Enzymatic Pyridine Aromatization during Thiopeptide Biosynthesis

Thiazole-containing pyritides (thiopeptides) are ribosomally synthesized and post-translationally modified peptides (RiPPs) that have attracted interest owing to their potent biological activities and structural complexity. The class-defining feature of a thiopeptide is a six-membered, nitrogenous heterocycle formed by an enzymatic [4 + 2]-cycloaddition. In rare cases, piperidine or dehydropiperidine (DHP) is present; however, the aromatized pyridine is considerably more common.

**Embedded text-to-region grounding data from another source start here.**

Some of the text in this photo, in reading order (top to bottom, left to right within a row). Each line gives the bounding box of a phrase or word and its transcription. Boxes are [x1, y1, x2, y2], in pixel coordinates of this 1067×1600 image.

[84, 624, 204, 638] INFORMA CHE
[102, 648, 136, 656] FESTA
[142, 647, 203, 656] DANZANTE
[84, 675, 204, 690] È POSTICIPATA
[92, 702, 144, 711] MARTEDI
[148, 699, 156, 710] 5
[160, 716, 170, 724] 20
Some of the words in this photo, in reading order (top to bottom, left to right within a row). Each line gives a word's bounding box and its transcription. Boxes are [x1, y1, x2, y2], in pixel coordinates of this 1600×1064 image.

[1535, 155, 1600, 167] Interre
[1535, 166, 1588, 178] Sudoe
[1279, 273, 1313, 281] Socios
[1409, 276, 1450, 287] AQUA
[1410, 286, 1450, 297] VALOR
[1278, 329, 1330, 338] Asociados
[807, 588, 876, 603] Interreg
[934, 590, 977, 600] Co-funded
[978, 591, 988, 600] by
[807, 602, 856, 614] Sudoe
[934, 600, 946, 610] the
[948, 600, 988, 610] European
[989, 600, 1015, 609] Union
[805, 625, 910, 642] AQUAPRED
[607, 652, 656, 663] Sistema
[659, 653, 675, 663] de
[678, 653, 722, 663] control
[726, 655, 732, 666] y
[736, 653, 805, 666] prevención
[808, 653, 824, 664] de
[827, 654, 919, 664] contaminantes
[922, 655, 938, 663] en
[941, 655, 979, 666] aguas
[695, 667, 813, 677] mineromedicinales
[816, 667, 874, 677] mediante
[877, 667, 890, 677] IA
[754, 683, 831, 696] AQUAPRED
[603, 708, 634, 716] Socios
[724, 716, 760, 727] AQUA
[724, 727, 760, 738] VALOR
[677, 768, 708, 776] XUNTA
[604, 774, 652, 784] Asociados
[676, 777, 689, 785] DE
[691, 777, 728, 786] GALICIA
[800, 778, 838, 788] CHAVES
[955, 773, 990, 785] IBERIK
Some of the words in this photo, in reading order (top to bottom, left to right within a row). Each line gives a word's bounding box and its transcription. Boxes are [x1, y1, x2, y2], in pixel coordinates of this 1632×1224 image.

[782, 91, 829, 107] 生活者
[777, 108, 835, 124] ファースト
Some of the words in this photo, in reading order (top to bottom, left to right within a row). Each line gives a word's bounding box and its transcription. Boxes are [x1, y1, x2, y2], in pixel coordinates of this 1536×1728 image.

Despite significant effort, the mechanism by which the central pyridine is formed remains poorly understood. Building on our recent observation of the Bycroft–Gowland intermediate (i.e., the direct product of the [4 + 2]-cycloaddition), we interrogated thiopeptide pyridine synthases using a combination of targeted mutagenesis, kinetic assays, substrate analogs, enzyme–substrate cross-linking, and chemical rescue experiments. Collectively, our data delineate roles for several conserved residues in thiopeptide pyridine synthases. A critical tyrosine facilitates the final aromatization step of pyridine formation. This work provides a foundation for further exploration of the [4 + 2]-cycloaddition reaction and future customization of pyridine-containing macrocyclic peptides.